Gucci’s Short Film: A Glimpse into the Future of Fashion Marketing
- Joel Gibson
- 17 hours ago
- 2 min read
Gucci has just unveiled a short film directed by Oscar-winner Spike Jonze and Halina Reijn, showcasing looks from its La Famiglia collection. And it’s brilliant, not just as a piece of cinema, but as a statement about where marketing could be heading.
The writing is sharp, the cinematography is beautiful, and it instantly calls to mind John Galliano’s short film for Maison Margiela. It’s the kind of work that makes you stop scrolling and pay attention.
Why does this matter? Because we’re living in a time when everyone is watching Netflix, Prime, Apple TV+. We’re oversubscribed, overstimulated, and above all, craving escapism. Films and series are cultural gravity wells — they pull us in not just with characters and stories, but with aesthetics, moods, and wardrobes.
Think about it: when Stranger Things exploded, brands like Levi’s and Nike moved fast to release capsule collections inspired by the characters. Viewers didn’t just want to watch; they wanted to wear. Clothing became a way of extending the narrative into their own lives.

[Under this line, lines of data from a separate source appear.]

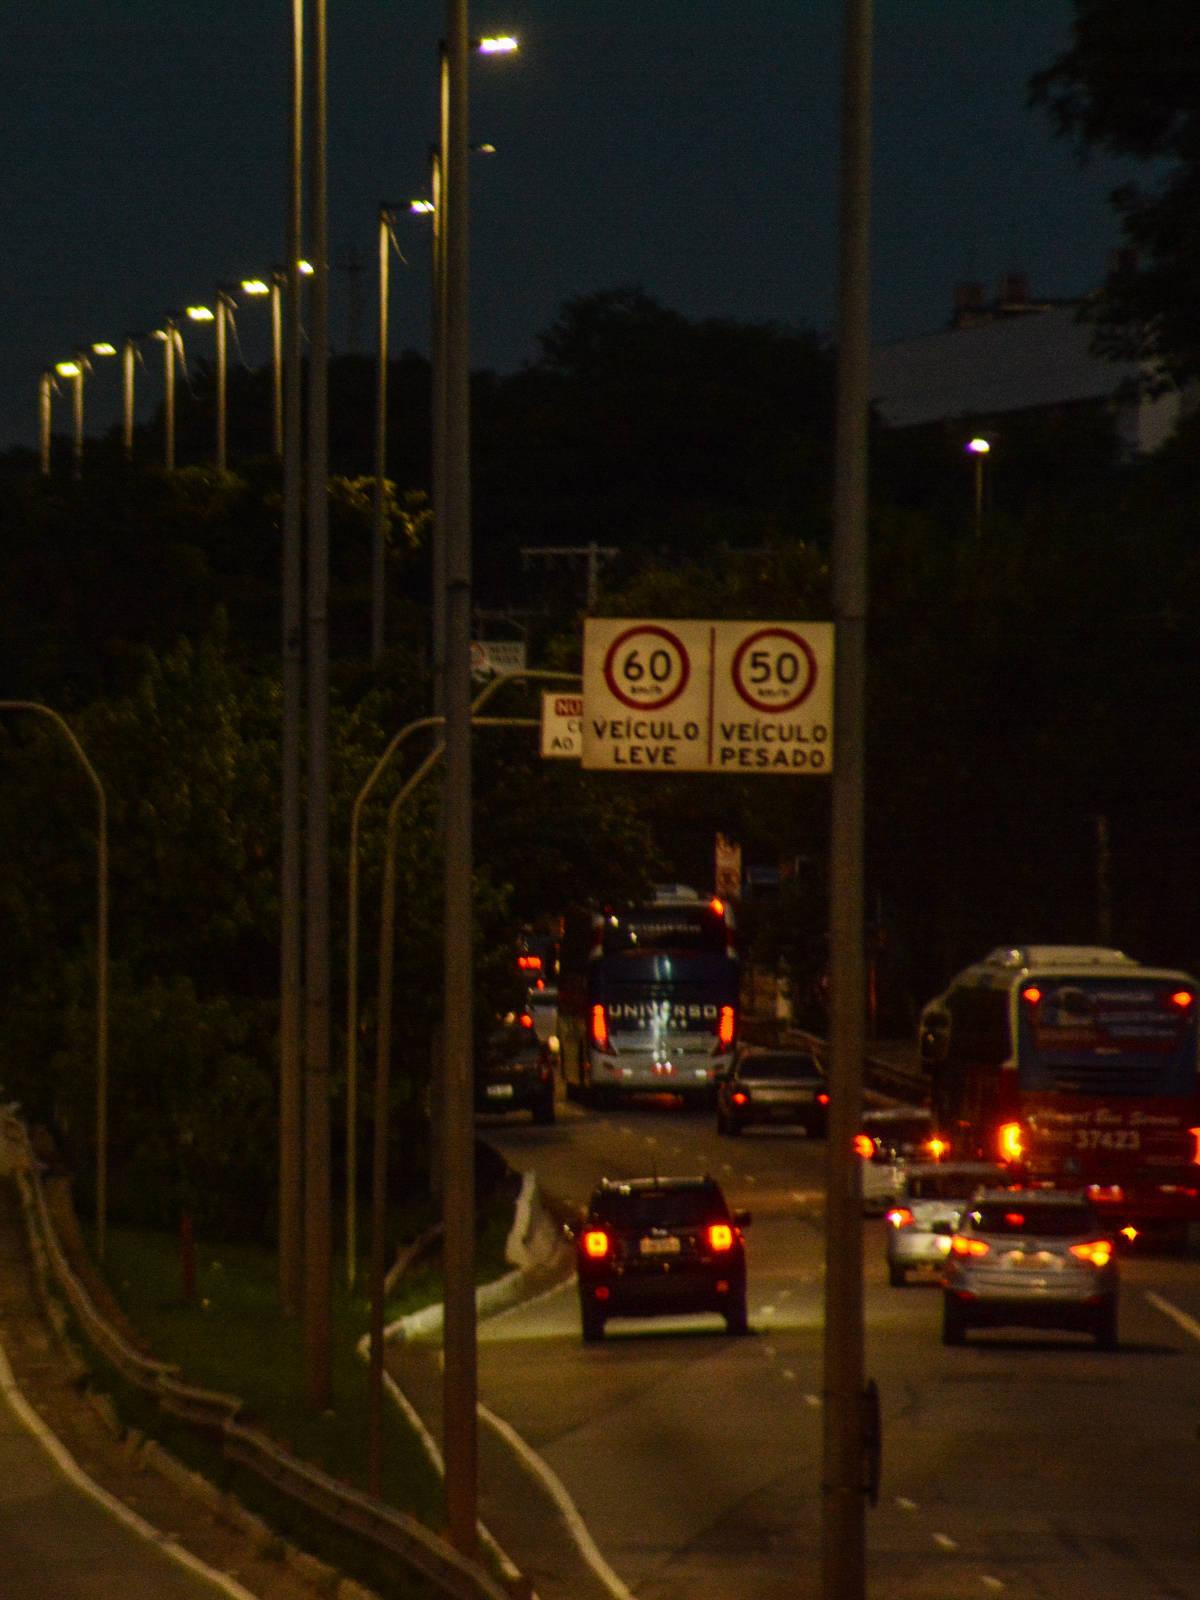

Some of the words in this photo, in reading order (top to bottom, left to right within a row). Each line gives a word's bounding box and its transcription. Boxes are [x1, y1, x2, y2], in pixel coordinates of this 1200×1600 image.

[623, 650, 672, 682] 60
[750, 652, 800, 684] 50
[593, 717, 700, 741] VEÍCULO
[721, 719, 829, 744] VEÍCULO
[552, 736, 575, 750] AO
[614, 746, 677, 766] LEVE
[720, 748, 826, 769] PESADO
[1075, 1129, 1141, 1151] 37423
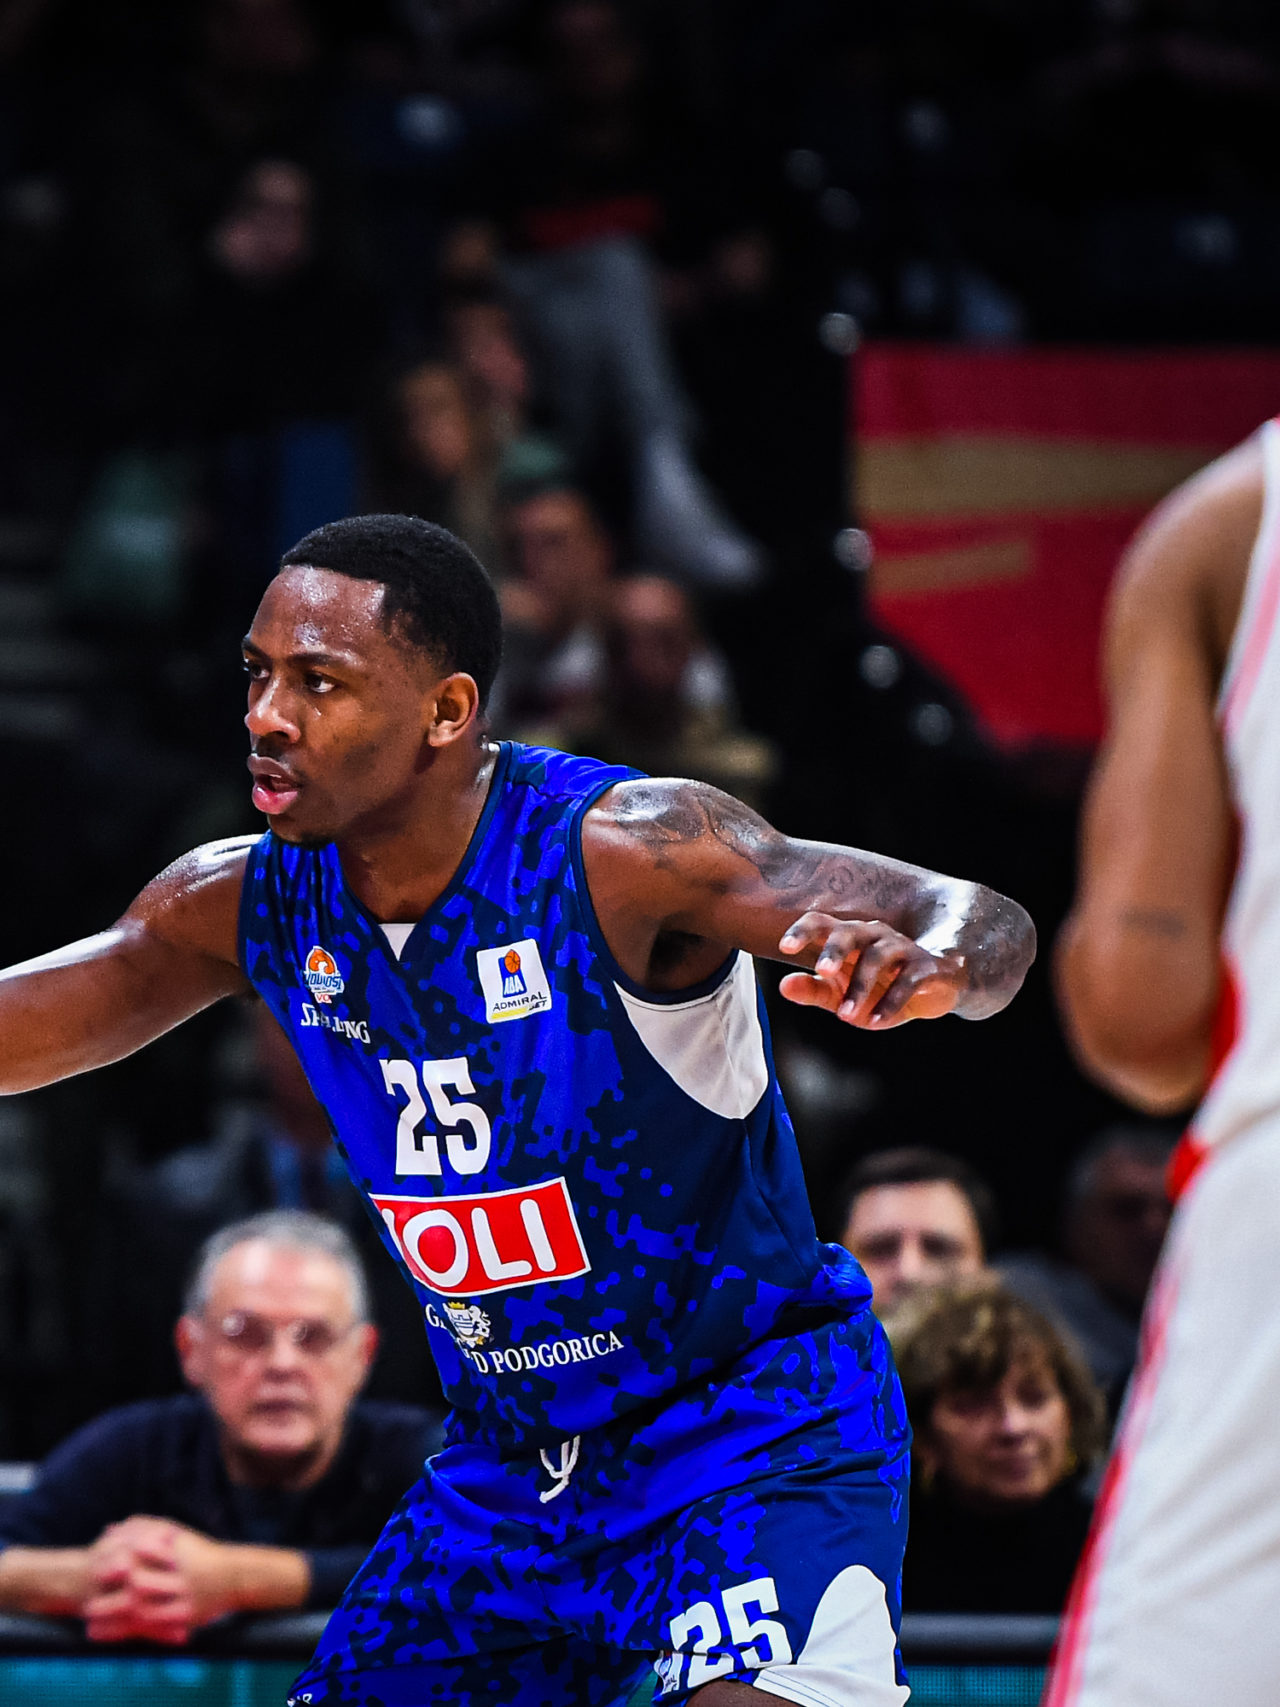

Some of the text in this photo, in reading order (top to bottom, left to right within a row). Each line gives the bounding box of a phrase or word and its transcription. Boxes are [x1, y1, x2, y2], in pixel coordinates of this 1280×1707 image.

[493, 992, 547, 1011] ADMIRAL
[379, 1057, 491, 1175] 25
[489, 1331, 624, 1373] PODGORICA
[670, 1577, 792, 1688] 25
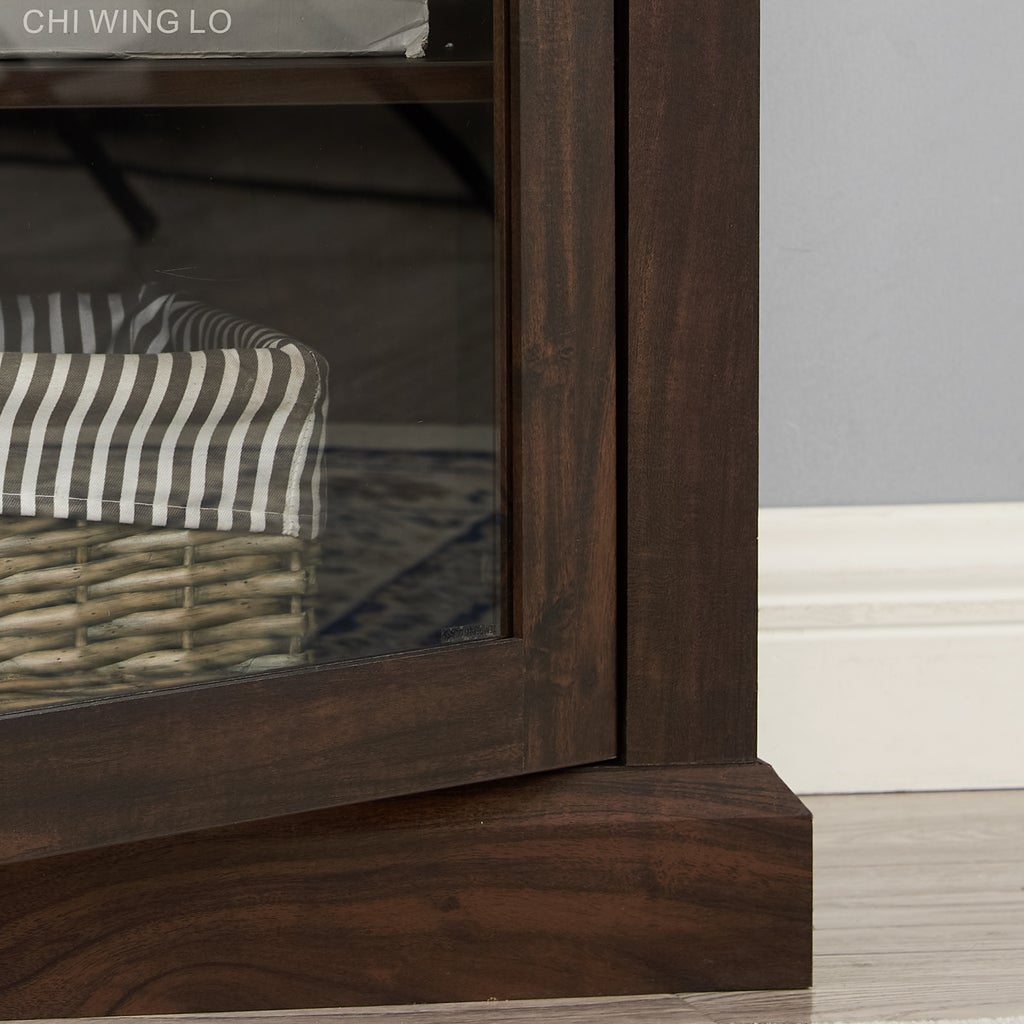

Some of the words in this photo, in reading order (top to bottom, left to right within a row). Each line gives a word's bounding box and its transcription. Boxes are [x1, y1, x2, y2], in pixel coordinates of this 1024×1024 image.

[23, 9, 78, 34] CHI
[89, 9, 179, 34] WING
[190, 9, 232, 34] LO
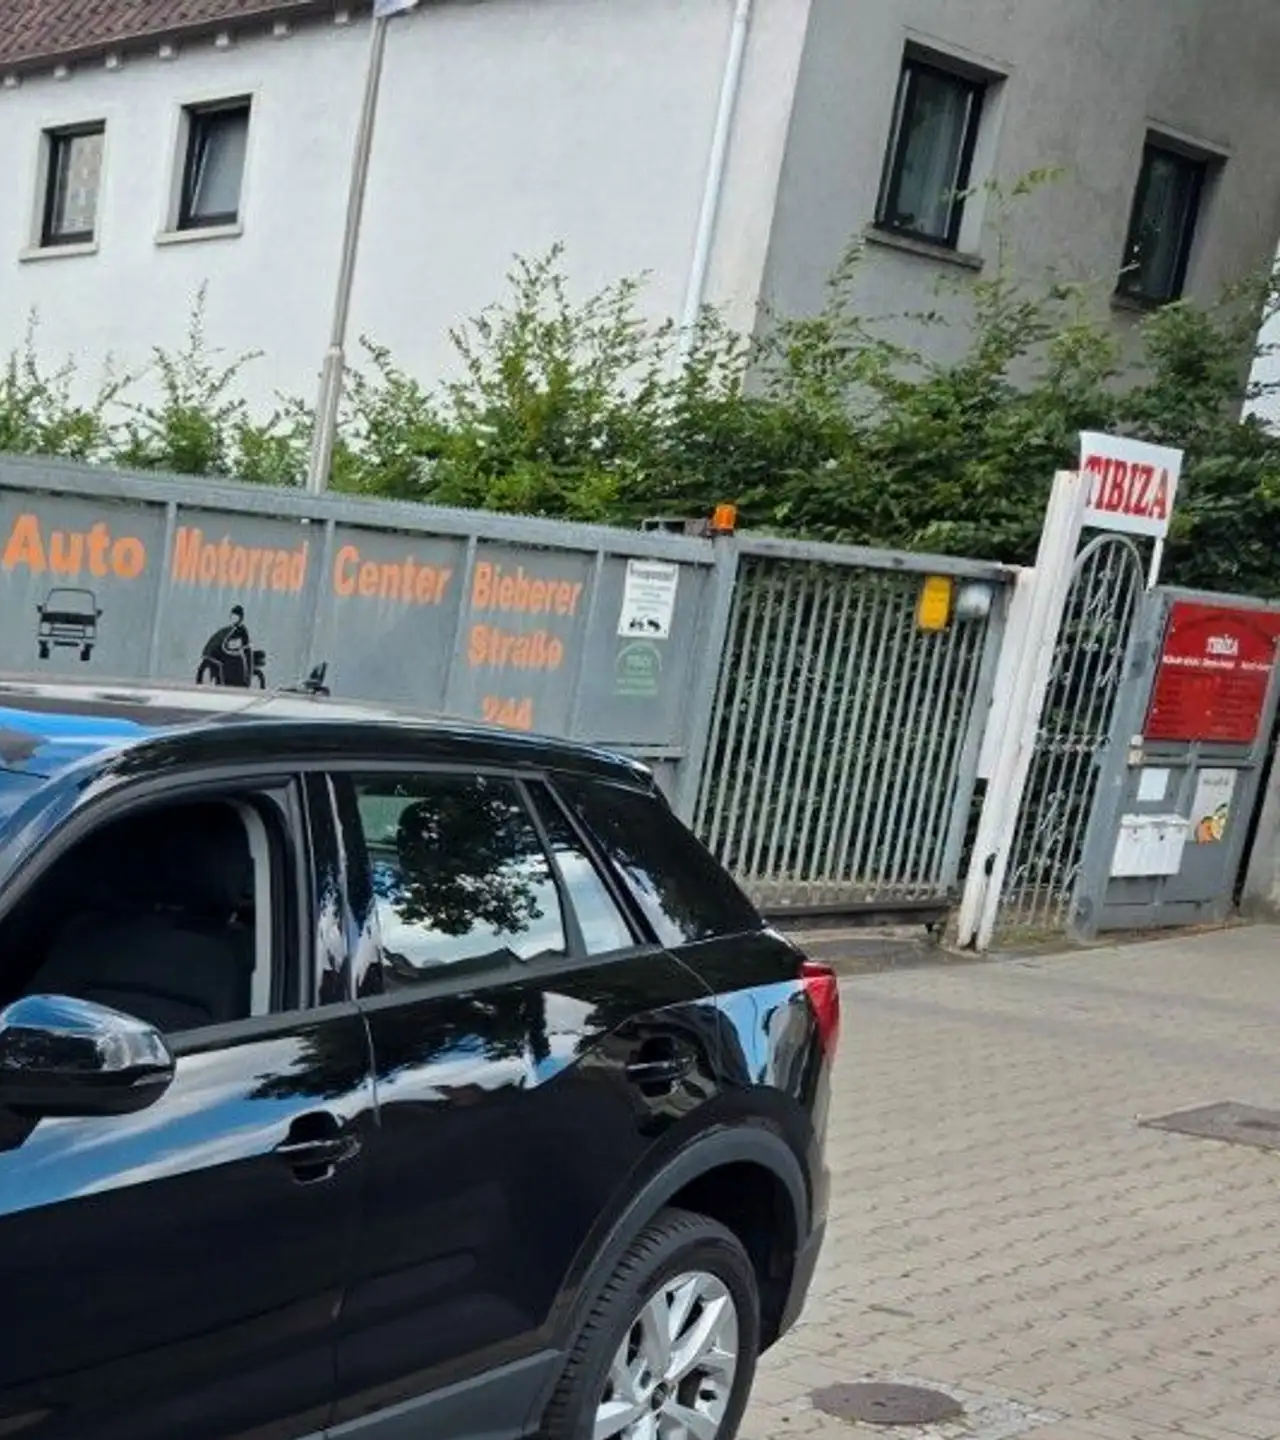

But Gucci’s new move is different. Instead of waiting for an external production to showcase its designs, it has taken matters in-house. By producing its own cinematic short, Gucci controls the storytelling, the styling, and — crucially — the timeline.
And timing is everything. Fashion moves seasonally, fast. By the time a gifted dress appears in a feature film two years later, it’s already four seasons out of date. With an in-house production, Gucci gets to showcase pieces that are current, available, and instantly shoppable. Viewers don’t have to wait. They can participate in the world Gucci has built right now.
Some might say: why shouldn’t fashion houses leave this kind of storytelling to production companies? Isn’t it a bit… cringe? But I’d argue the opposite. For decades, luxury brands have staged shows and campaigns designed to immerse audiences in a mood, a story, a feeling. A short film is simply the 2025 extension of that same ethos, only now, it’s delivered where the audience already is: on screens, at home, in joggers and slippers, cereal bowl in hand.
If the experiment works, it’s not hard to imagine a future where Gucci, Prada, or Dior launch seasonal films or series, sitting alongside Netflix originals. As print magazines fade from cultural dominance, fashion houses are meeting audiences where they live: streaming platforms.
Gucci’s short film isn’t just a beautiful piece of work; it’s a glimpse of a future where brands stop being background collaborators in cinema, and instead become creators of their own. A future where marketing is less about advertising, more about storytelling. And in that sense, this isn’t just a film launch. It’s a power shift.